O Judiciário também teria definido em algumas situações que o autor de pedido de impeachment precisa apresentar o título de eleitor como parte da documentação exigida a fim de ser legitimado como parte legítima do processo. Nessa situação, foi enquadrado Rogério Pereira. Esta é a segunda vez que o advogado ingressa com esse tipo de iniciativa sem apresentar o documento.

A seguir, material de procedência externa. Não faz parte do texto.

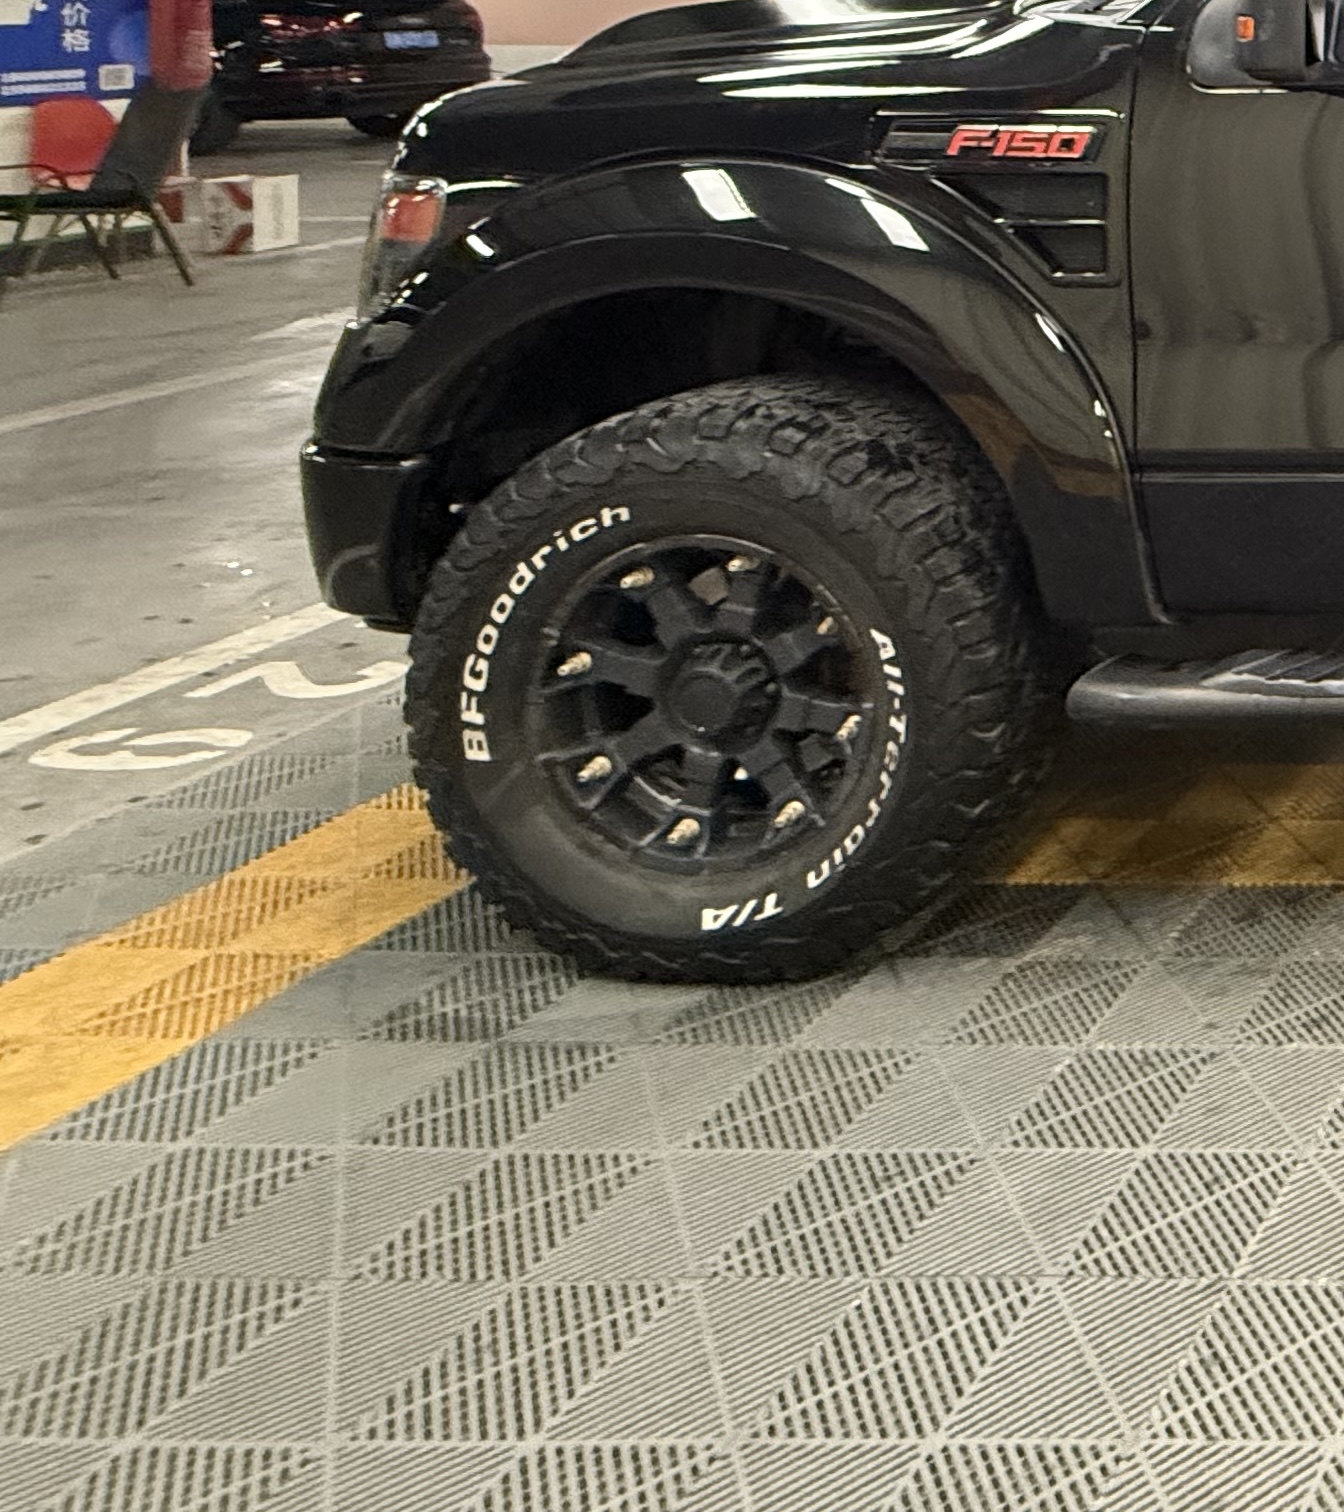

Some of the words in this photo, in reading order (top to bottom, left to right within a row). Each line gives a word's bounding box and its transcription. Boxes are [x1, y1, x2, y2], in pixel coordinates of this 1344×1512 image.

[946, 124, 1097, 159] F-150
[460, 504, 631, 762] BFGoodrich
[700, 893, 784, 930] T/A

O segundo parecer da Procuradoria destaca que existem outros caminhos antes de se buscar o impedimento de um governador. Segundo os procuradores, seria recomendado aguardar o esgotamento de outras frentes, como o inquérito aberto pelo Superior Tribunal de Justiça (STJ), antes de instaurar o processo de impeachment. Esse remédio, segundo eles, seria prejudicial ao Distrito Federal e poderia provocar a paralisação dos serviços públicos. Patrício não quis se manifestar sobre o assunto e convocou uma entrevista coletiva para hoje, às 10h, a fim de apresentar os pareceres e o próprio despacho.
Apoio
No início da noite de ontem, a Comissão Executiva Nacional do Partido dos Trabalhadores divulgou nota convocando a militância a se engajar na defesa de Agnelo. “Trata-se em primeiro lugar de defender um companheiro de partido, que desde antes da campanha eleitoral vem sendo alvo de falsas acusações, todas desmentidas. Trata-se, também e principalmente, de defender o PT e nosso governo”, diz a nota.